Postingan Facebook juga menunjukkan klip pada hari yang sama tentang mobil-mobil yang terbalik dan terbakar di jalanan yang dipenuhi puing-puing, sebelum berpindah ke sekumpulan orang yang merusak kaca panel halte bus.
“Paris terbangun oleh kerusuhan malam hari dengan jumlah penangkapan meningkat menjadi 416 — Le Figaro,” tulis keterangan dalam bahasa Mandarin tradisional.
Video lain yang dibagikan di Douyin pada 1 Juni menunjukkan beberapa orang meluncurkan kembang api, disertai keterangan dalam bahasa Mandarin yang menyebutkan bahwa ini adalah “penggemar sepak bola Prancis menggunakan kembang api gaya Gatling melawan polisi di Paris”.
Video-video ini muncul setelah PSG mengalahkan juara Liga Primer Inggris, Arsenal, dalam adu penalti untuk meraih gelar Liga Champions kedua berturut-turut. Namun, perayaan diwarnai bentrokan antara kelompok pemuda dan polisi di Paris serta kota-kota lain. Seorang pria dilaporkan tewas saat mengendarai sepeda motornya merayakan, sementara pihak berwenang melaporkan adanya penusukan dan serangan lainnya.
Video palsu juga diterbitkan di halaman Facebook surat kabar Hong Kong Wen Wei Po, serta di situs berita China dan dalam berbagai bahasa.
Pencarian gambar terbalik di Google menunjukkan bahwa video-video tersebut sudah lama. Salah satu klip pertama diunggah pada 9 Mei 2025 di X dengan teks dalam bahasa Turki bertuliskan “Ini Prancis”.
Kemenangan PSG 2025
Sebuah video yang diposting pada 9 Mei 2025 menunjukkan seorang pria dalam video berbahasa Prancis mengungkapkan: “Orang itu mencoba menabrak sekelompok orang. Dia kabur. Dia meninggalkan mobilnya. Saya jamin itu sangat intens bagi dia.”
Kantor kejaksaan Paris menyatakan pada 11 Mei 2025 bahwa pengemudi mobil tersebut ditangkap setelah melaju melewati kerumunan yang merayakan kualifikasi PSG untuk final Liga Champions di Champs-Élysées, melukai tiga orang.

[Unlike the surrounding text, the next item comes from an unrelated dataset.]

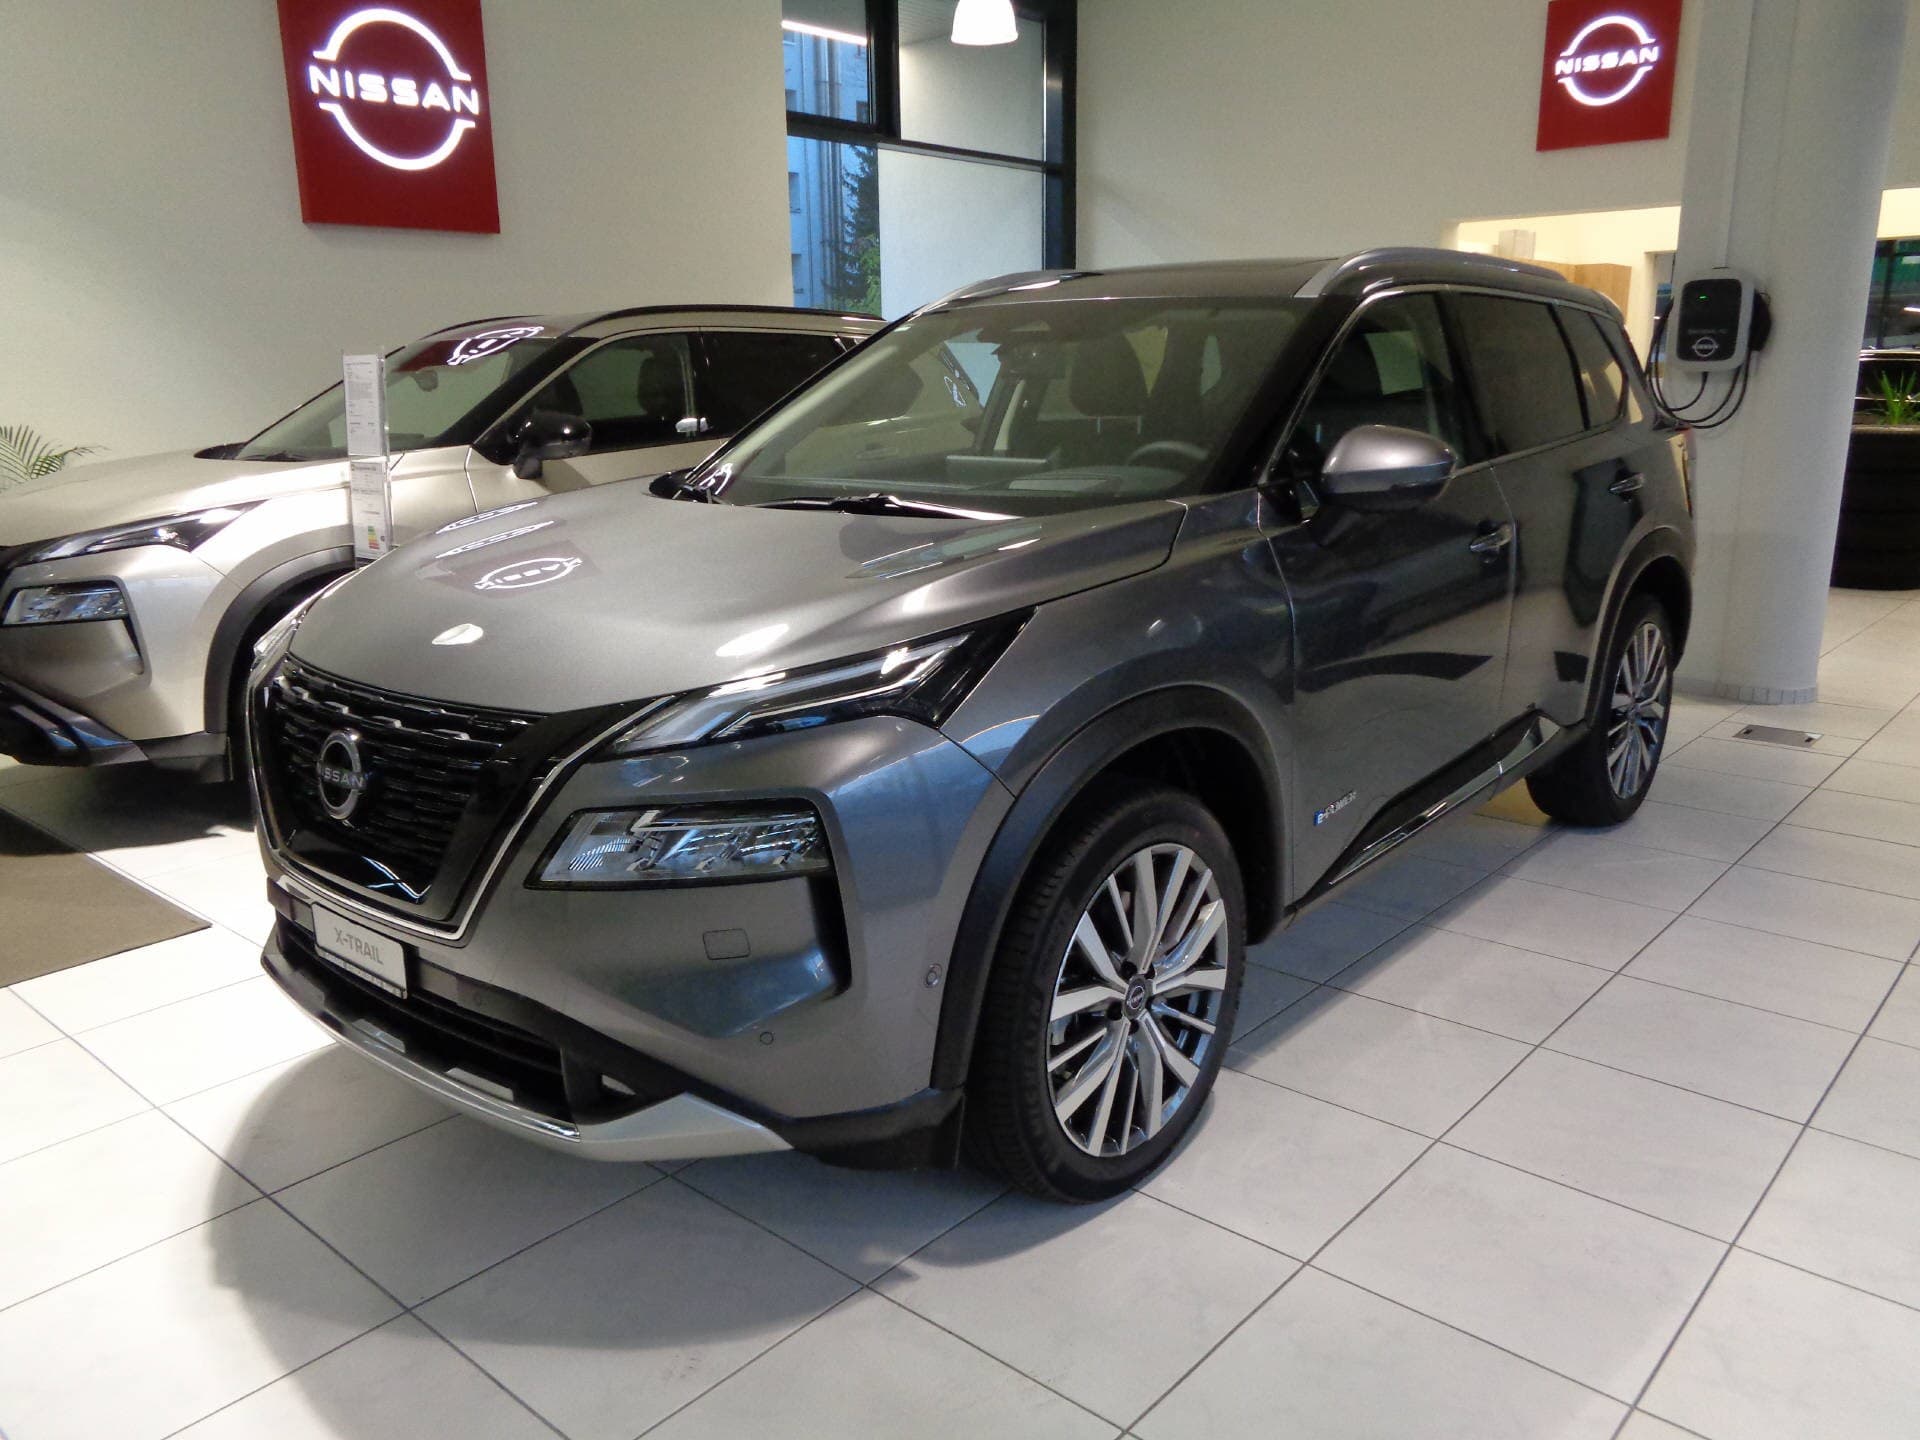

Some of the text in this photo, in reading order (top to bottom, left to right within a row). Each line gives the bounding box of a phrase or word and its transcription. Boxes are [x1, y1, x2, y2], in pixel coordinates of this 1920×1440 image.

[1554, 45, 1659, 76] NISSAN
[308, 64, 480, 115] NISSAN
[334, 927, 384, 966] X-TRAIL

Pencarian gambar terbalik lebih lanjut menemukan klip lain dari insiden yang sama yang diambil dari sudut berbeda, termasuk laporan video dari media Prancis Le Parisien dengan judul, “Mobil melaju ke kerumunan penggemar dekat Champs-Élysées setelah kemenangan PSG”.
Protes Paris 2022
Pemandangan mobil terbalik dan halte bus yang rusak diambil selama demonstrasi di Paris pada tahun 2022.
Bagian pertama video dibagikan oleh jurnalis Prancis Remy Buisine di X pada 24 Desember 2022. AFP juga menerbitkan video yang menunjukkan mobil yang sama terbalik.

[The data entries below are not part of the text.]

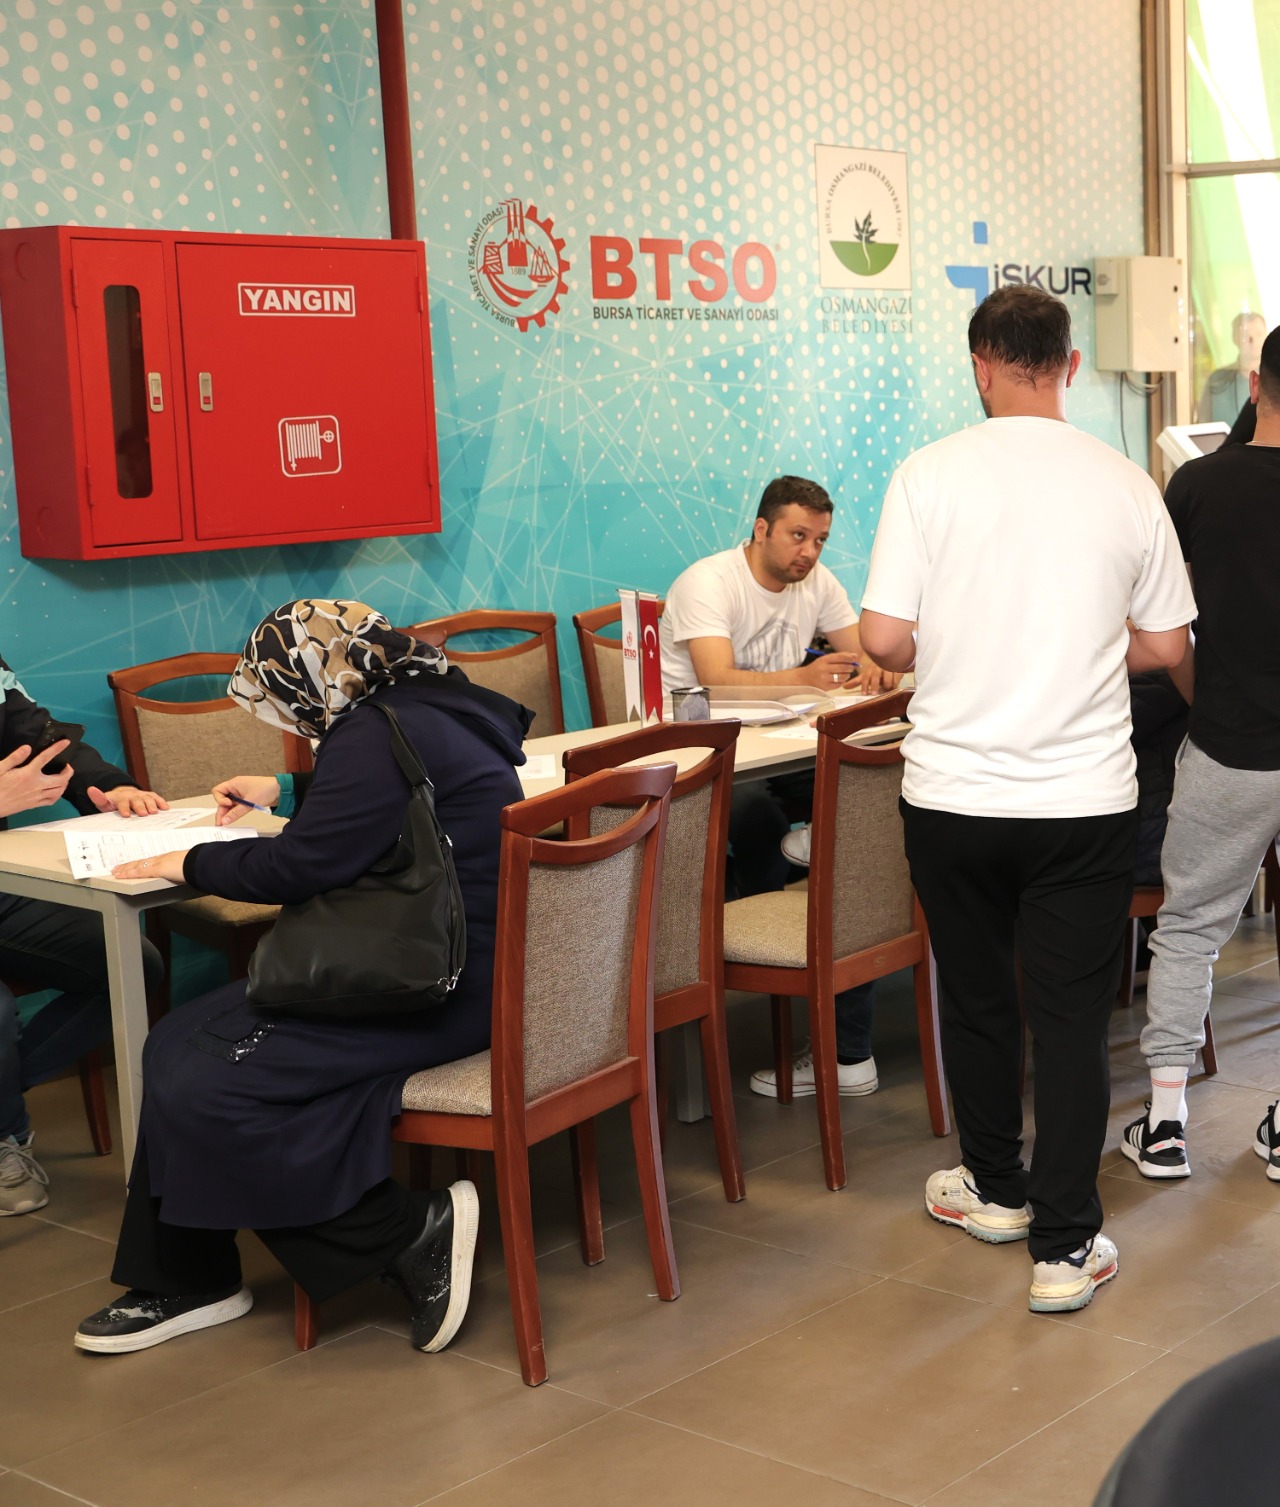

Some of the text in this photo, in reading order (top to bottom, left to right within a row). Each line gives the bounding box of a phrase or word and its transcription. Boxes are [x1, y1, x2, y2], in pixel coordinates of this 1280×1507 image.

[467, 206, 516, 327] BURSA TİCARET VE SANAYİ ODASI
[590, 235, 777, 303] BTSO
[243, 288, 351, 312] YANGIN
[820, 296, 913, 315] OSMANGAZİ
[593, 304, 779, 321] BURSA TİCARET VE SANAYİ ODASI
[822, 319, 913, 334] BELEDİYESİ

Klip tersebut sebelumnya juga pernah dibagikan dengan klaim palsu yang mengaitkannya dengan protes terhadap reformasi pensiun di Prancis pada tahun 2023.
Protes Georgia 2024
Video ketiga yang dipublikasikan oleh media Spanyol El País pada 3 Desember 2024 menampilkan seorang demonstran sedang membangun meriam kembang api dalam protes pro-Eropa di Georgia.
Media lain juga menerbitkan klip yang sama dan menyebutkan bahwa itu terjadi di sekitar gedung parlemen di Tbilisi, Georgia.
Kesimpulan
Informasi yang salah tentang video-video terkait perayaan PSG ini menunjukkan bagaimana konten lama bisa digunakan untuk menciptakan narasi baru yang salah. Hal ini menyoroti pentingnya memverifikasi sumber informasi sebelum membagikannya di media sosial.